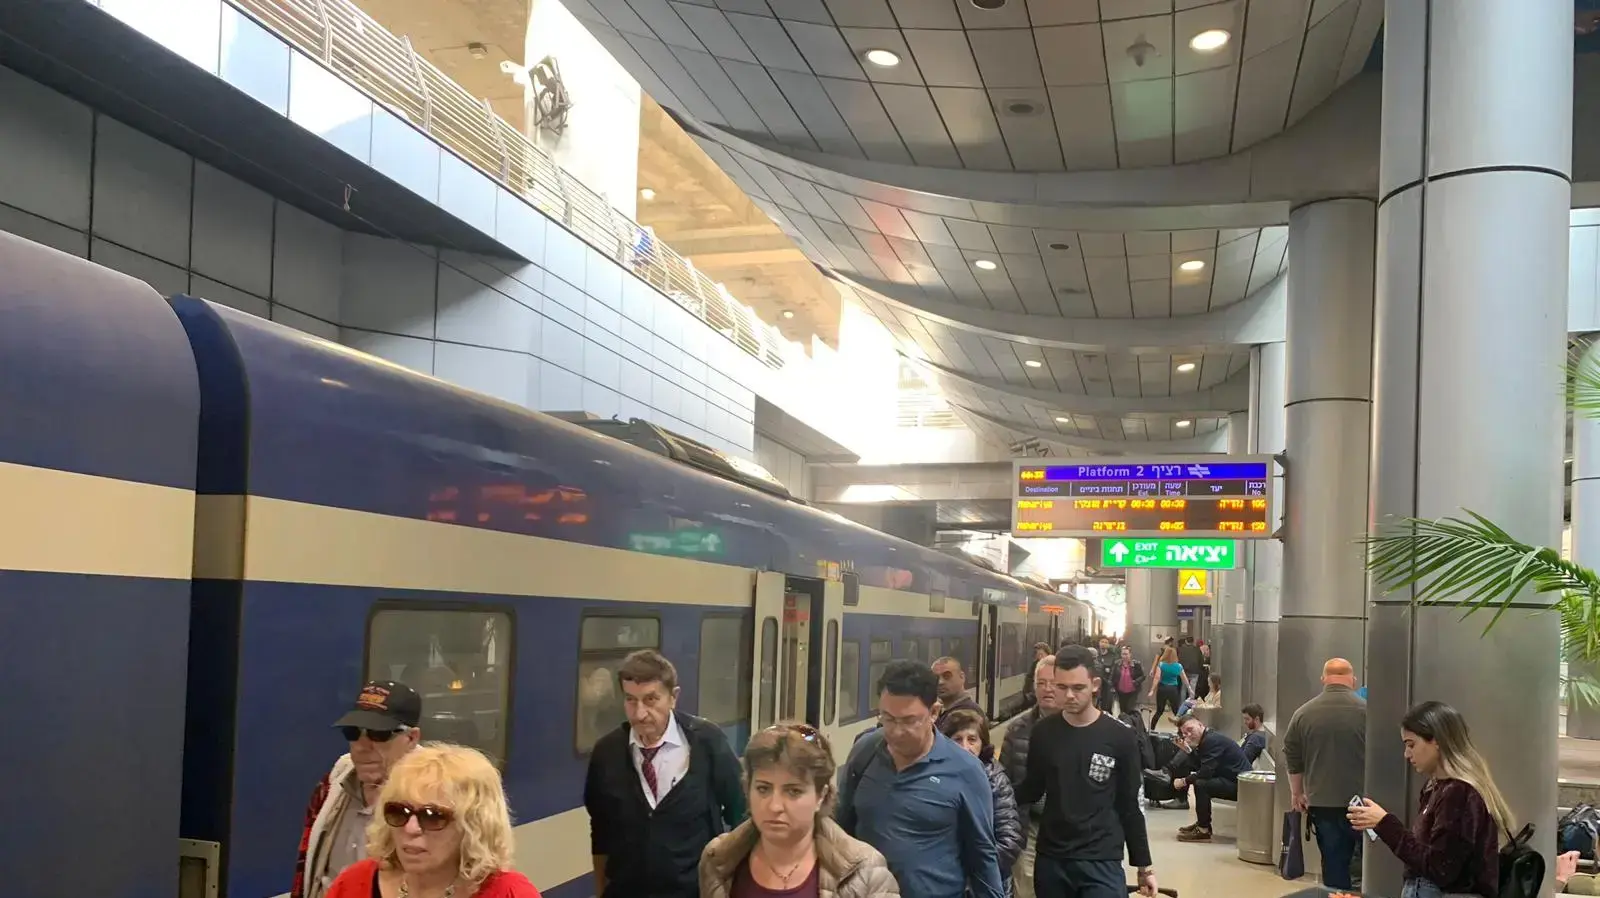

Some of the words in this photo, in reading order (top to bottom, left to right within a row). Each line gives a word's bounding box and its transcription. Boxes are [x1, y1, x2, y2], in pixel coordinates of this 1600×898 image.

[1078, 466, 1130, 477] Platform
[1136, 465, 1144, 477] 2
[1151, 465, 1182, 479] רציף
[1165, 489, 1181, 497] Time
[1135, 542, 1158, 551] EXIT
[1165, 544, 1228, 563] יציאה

#### ASSIGNED TASK
Set the records down again exactly, with no pictures.

#### OUTPUT FOR THIS EXERCISE
Some of the words in this photo, in reading order (top to bottom, left to right within a row). Each line gives a word's bounding box and its transcription. Boxes are [x1, y1, x2, y2], in pixel coordinates of this 1600×898 image.

[1078, 466, 1130, 477] Platform
[1136, 465, 1144, 477] 2
[1151, 465, 1182, 479] רציף
[1165, 489, 1181, 497] Time
[1135, 542, 1158, 551] EXIT
[1165, 544, 1228, 563] יציאה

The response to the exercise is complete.